**RECORDS SHOWN:**

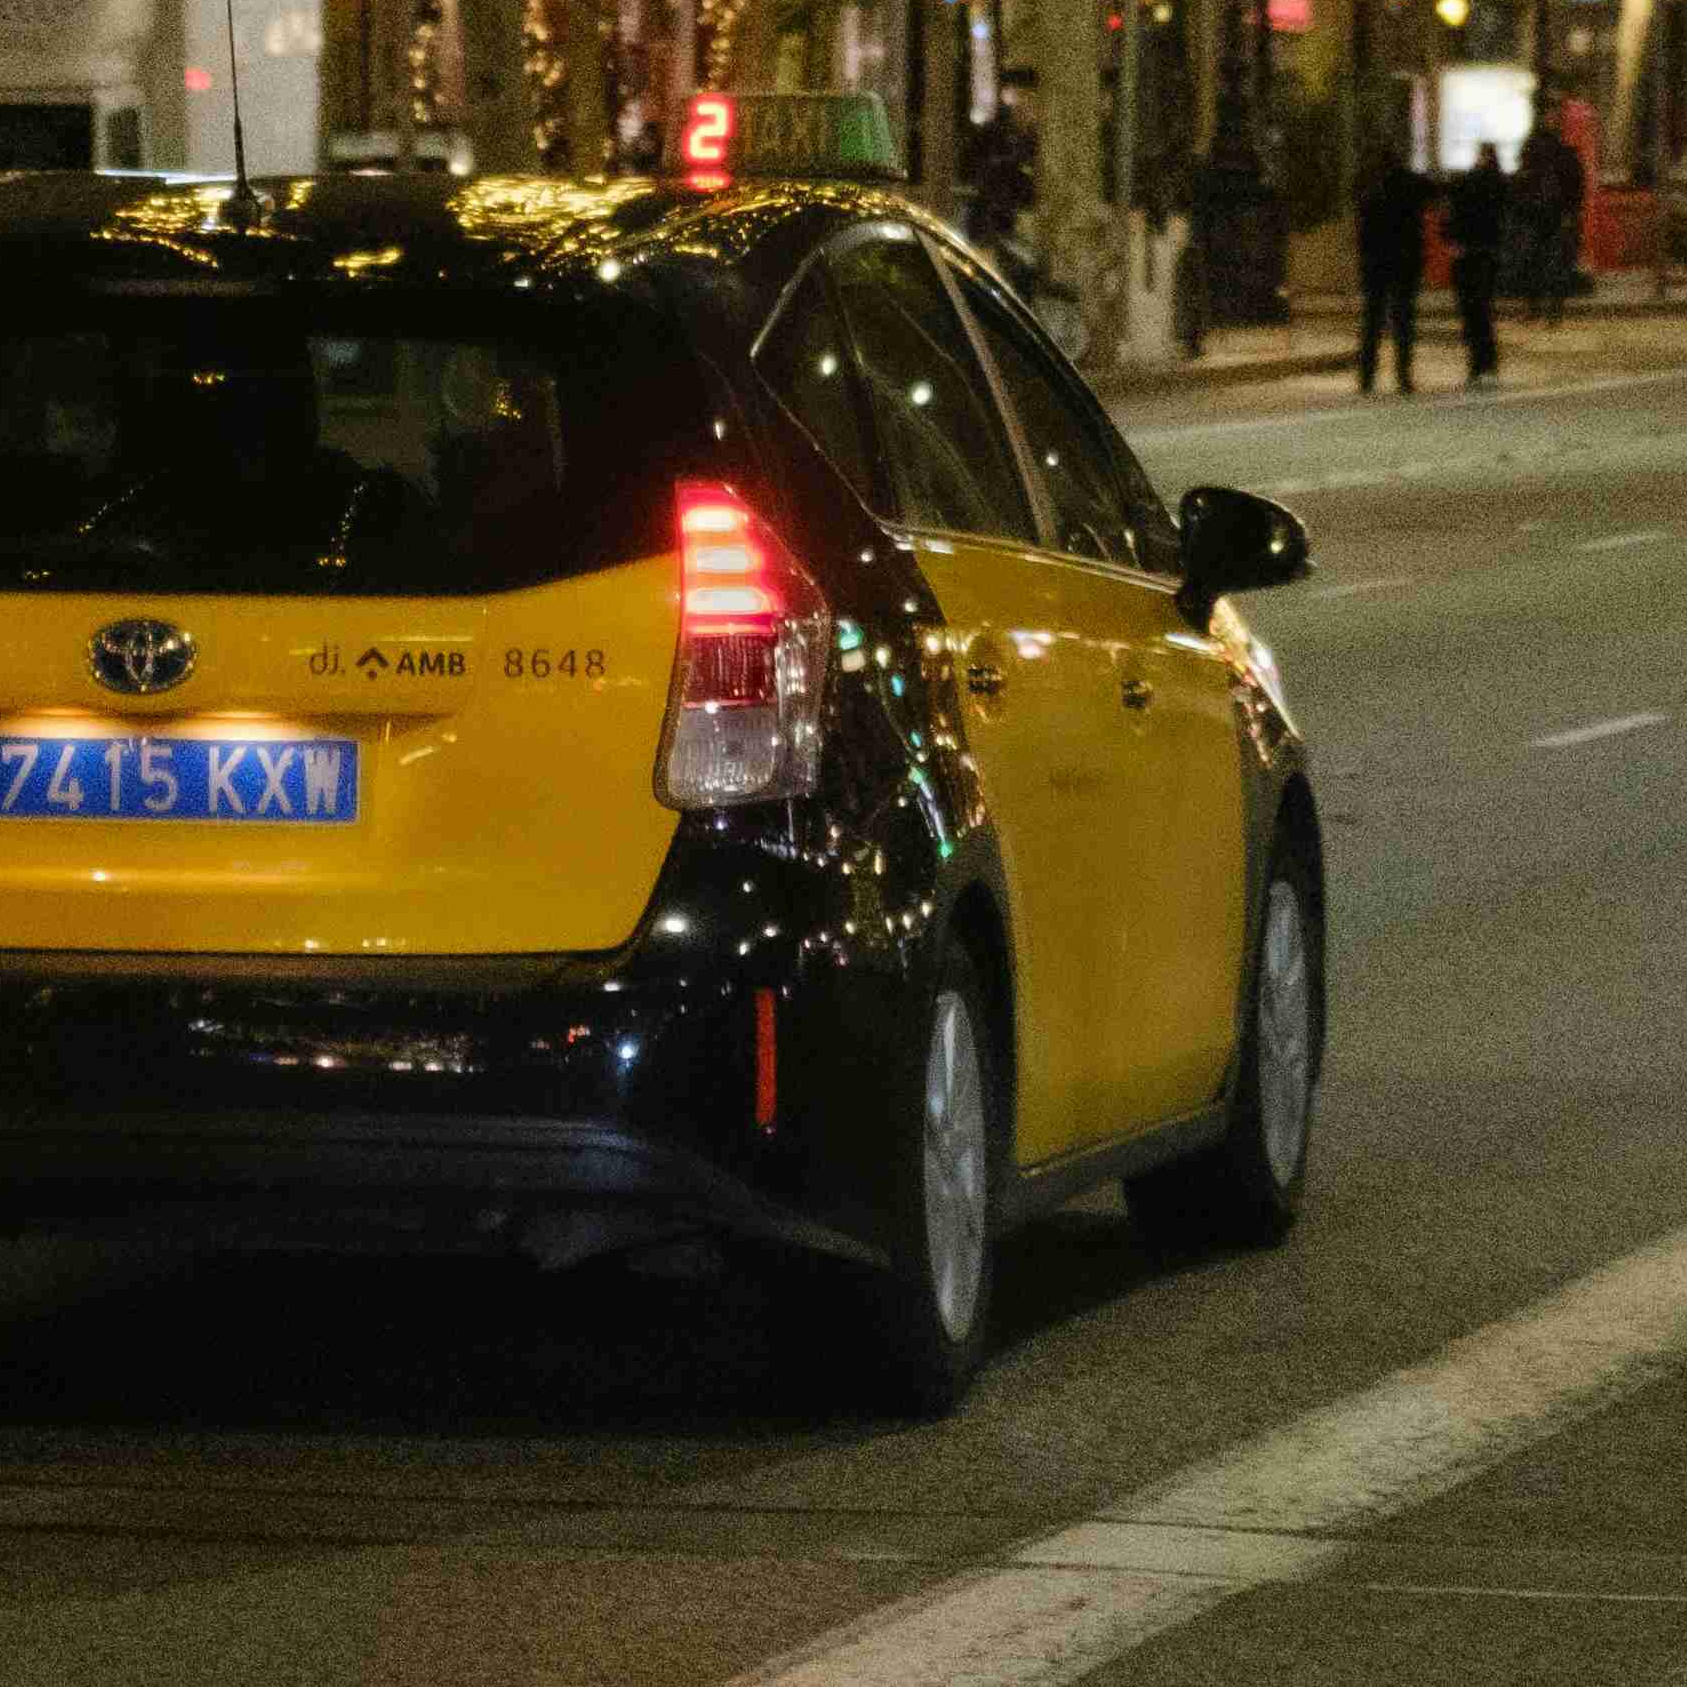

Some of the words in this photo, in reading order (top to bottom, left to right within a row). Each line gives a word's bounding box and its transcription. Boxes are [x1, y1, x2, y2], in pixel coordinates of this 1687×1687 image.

[686, 98, 731, 162] 2
[396, 649, 466, 676] AMB
[504, 647, 605, 679] 8648
[0, 743, 179, 812] 7415
[208, 743, 342, 814] KXW
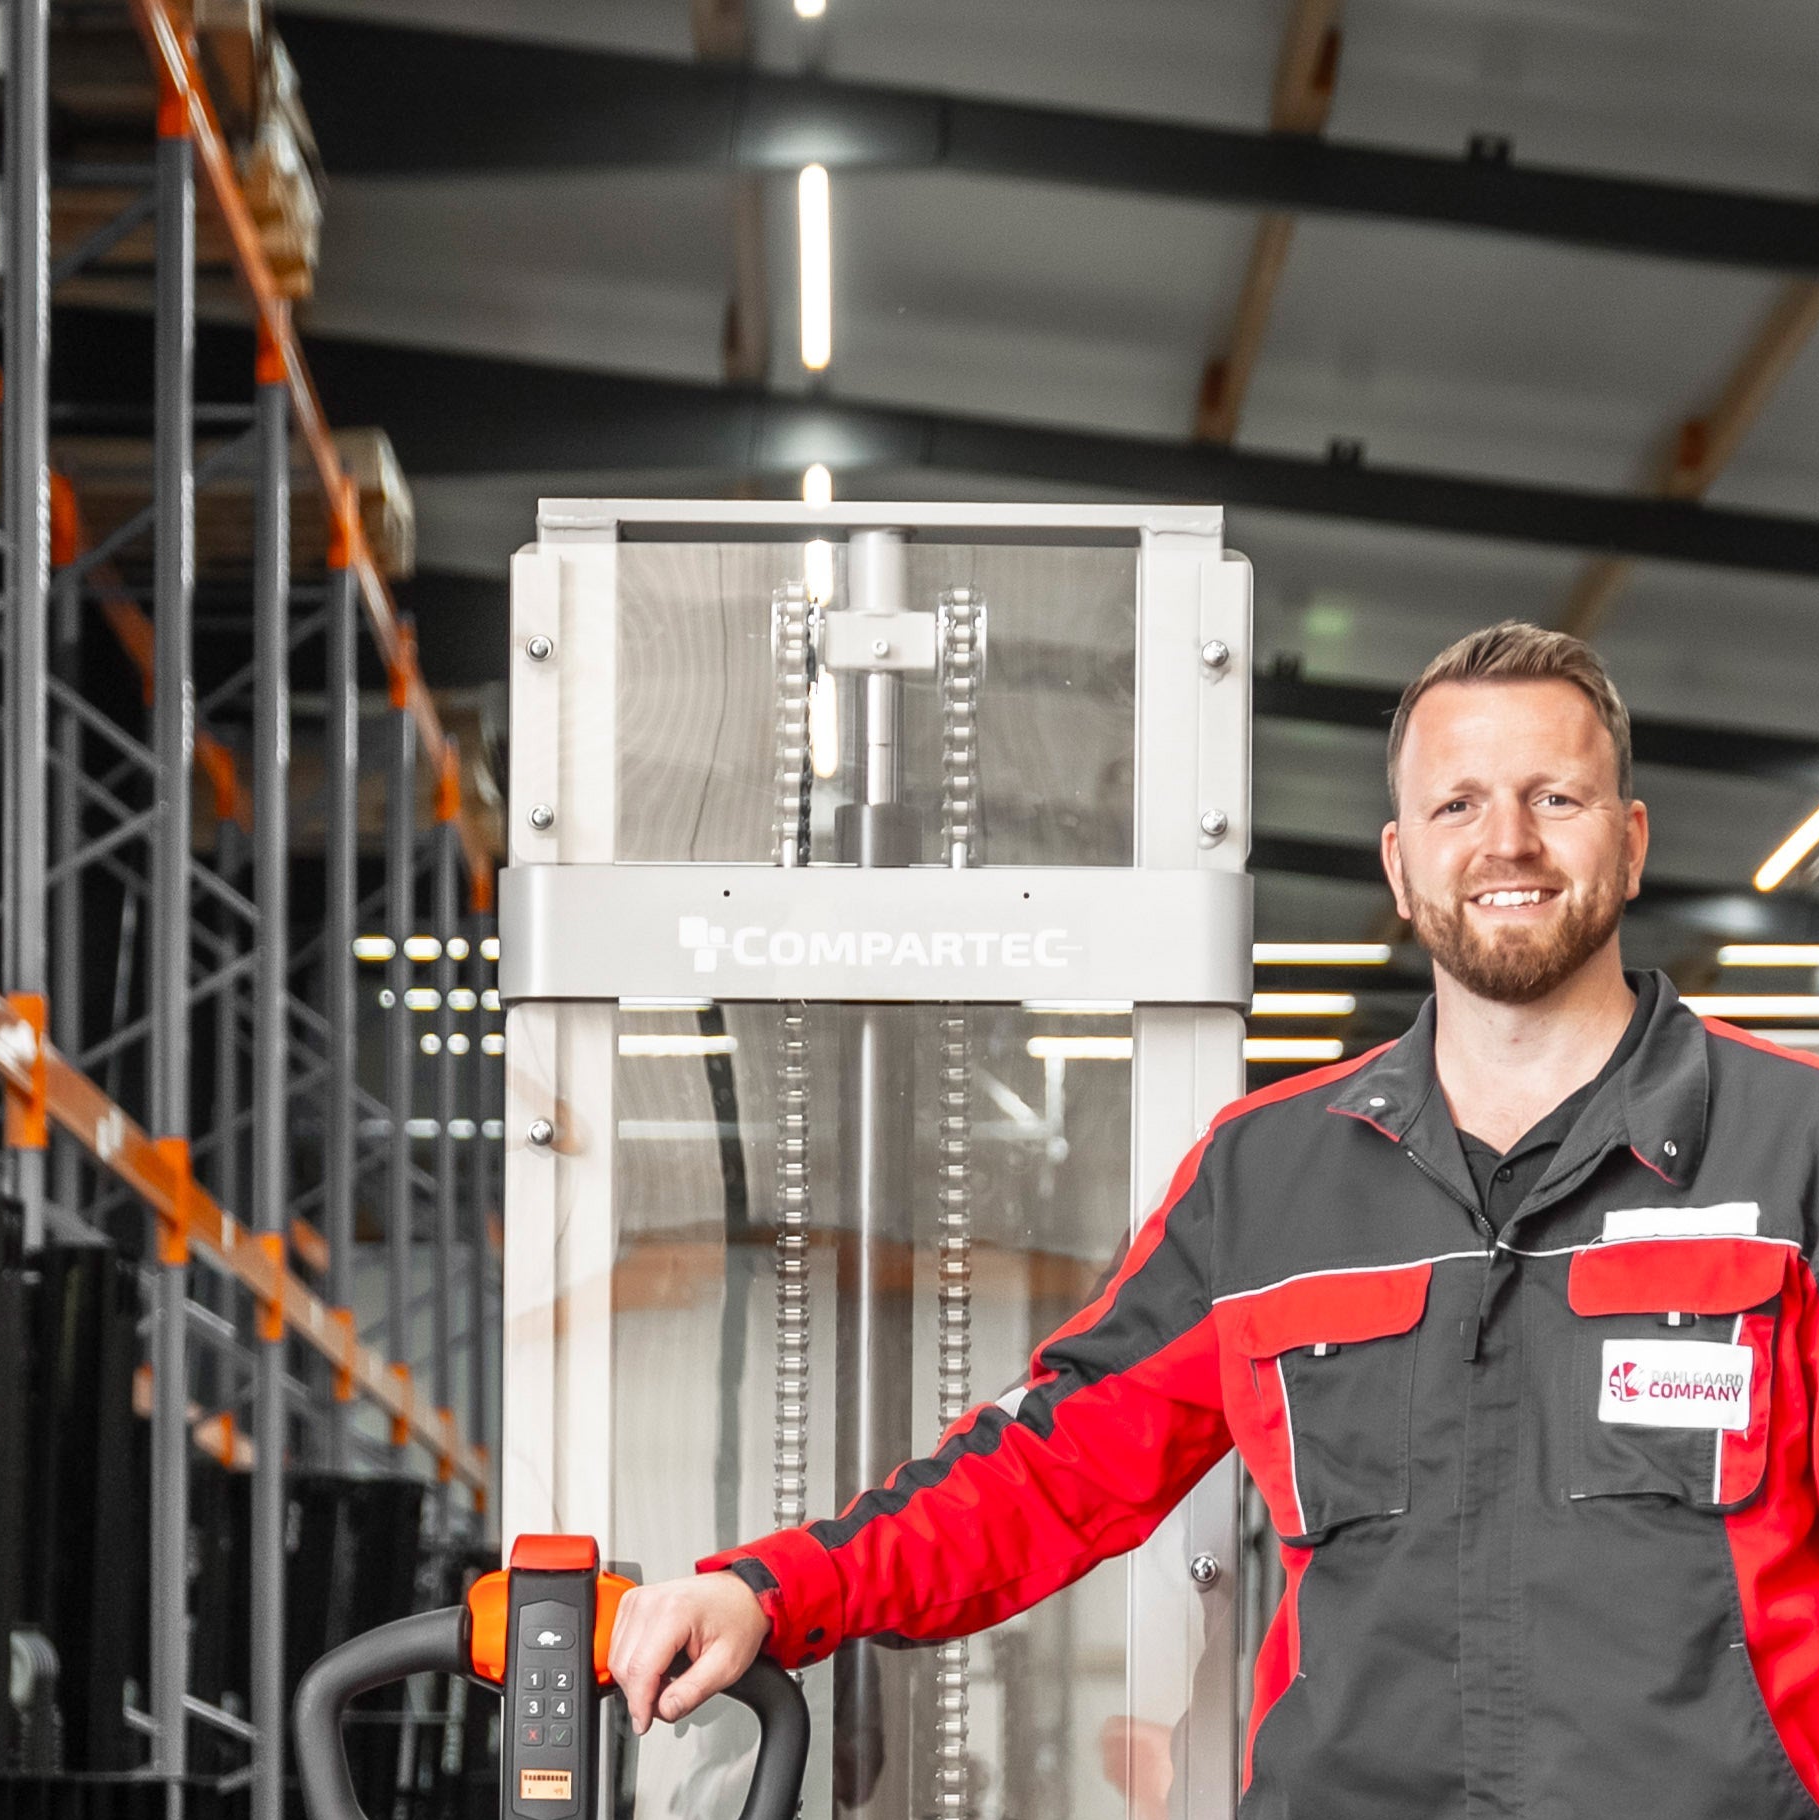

**ASSIGNED TASK:** Your output must reproduce the material above in full, with no pictures.

**COMPLETED TASK:**
Some of the words in this photo, in reading order (top to bottom, left to right within a row). Each line gives a word's bounding box and its transcription. Boxes are [x1, y1, x2, y2], in pixel coordinates of this 1687×1687 image.

[686, 98, 731, 162] 2
[396, 649, 466, 676] AMB
[504, 647, 605, 679] 8648
[0, 743, 179, 812] 7415
[208, 743, 342, 814] KXW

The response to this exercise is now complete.